EXERCISE REQUIREMENTS: Omit the pictures, please, and give each record below again exactly.
──────── EXERCISE MATERIALS
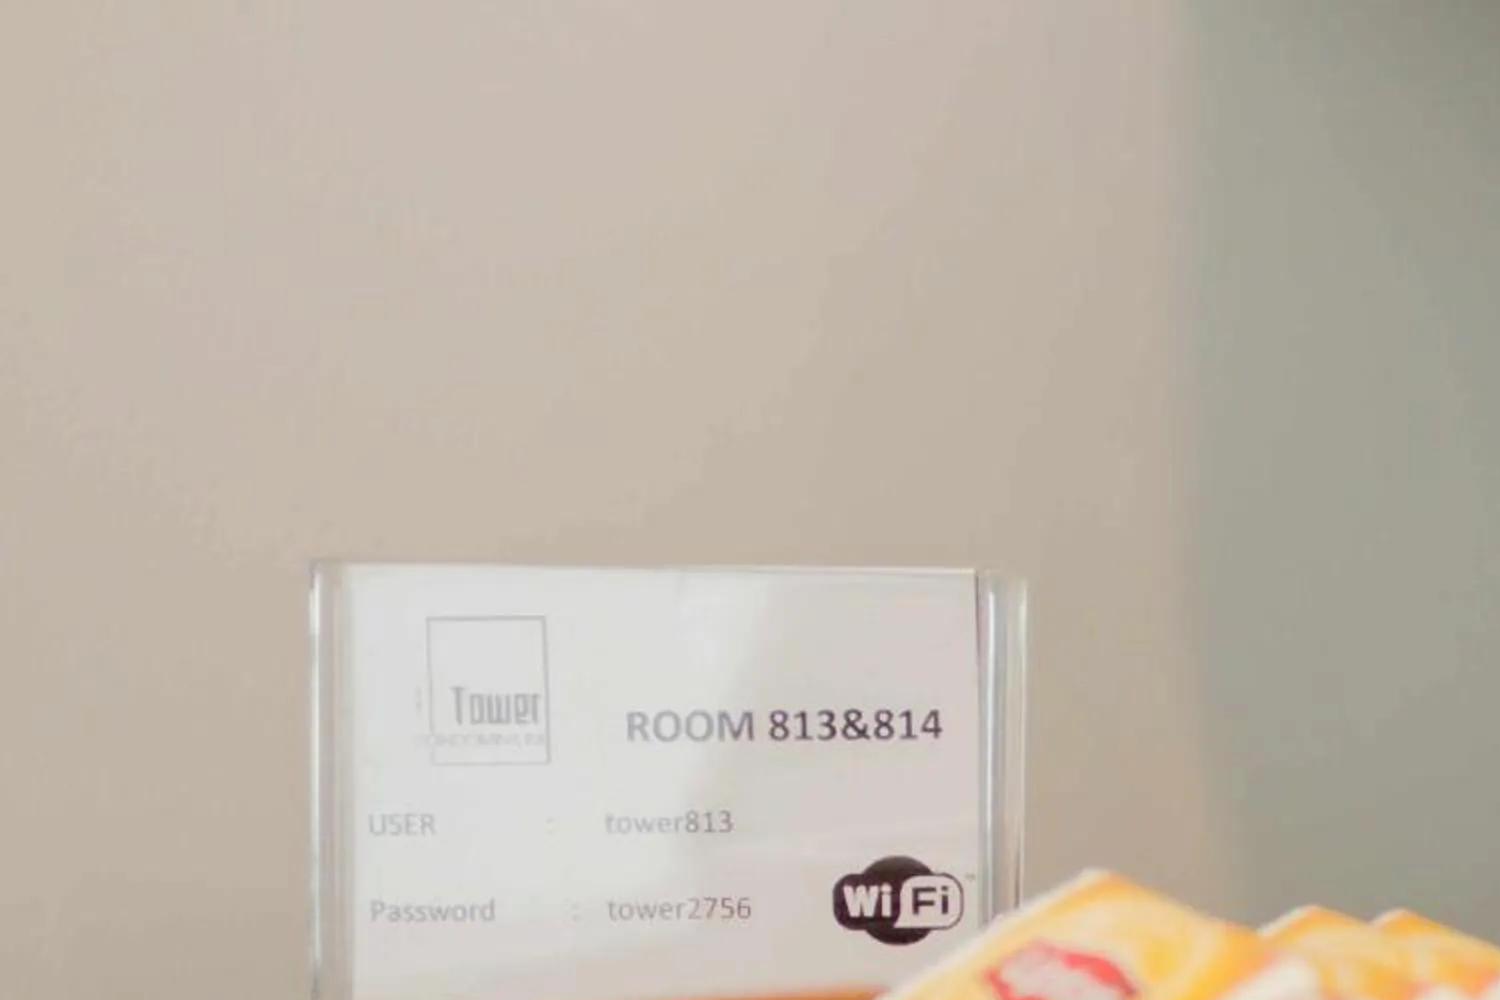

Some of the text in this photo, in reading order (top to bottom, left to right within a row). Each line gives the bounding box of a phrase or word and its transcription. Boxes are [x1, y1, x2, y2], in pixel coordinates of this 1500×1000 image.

[450, 685, 544, 726] Tower
[626, 708, 944, 743] ROOM 813&814
[368, 813, 438, 836] USER
[605, 811, 734, 834] tower813
[371, 899, 496, 923] Password
[607, 897, 753, 921] tower2756
────────────────
RESPONSE TO THE EXERCISE:
Some of the text in this photo, in reading order (top to bottom, left to right within a row). Each line gives the bounding box of a phrase or word and its transcription. Boxes are [x1, y1, x2, y2], in pixel coordinates of this 1500×1000 image.

[450, 685, 544, 726] Tower
[626, 708, 944, 743] ROOM 813&814
[368, 813, 438, 836] USER
[605, 811, 734, 834] tower813
[371, 899, 496, 923] Password
[607, 897, 753, 921] tower2756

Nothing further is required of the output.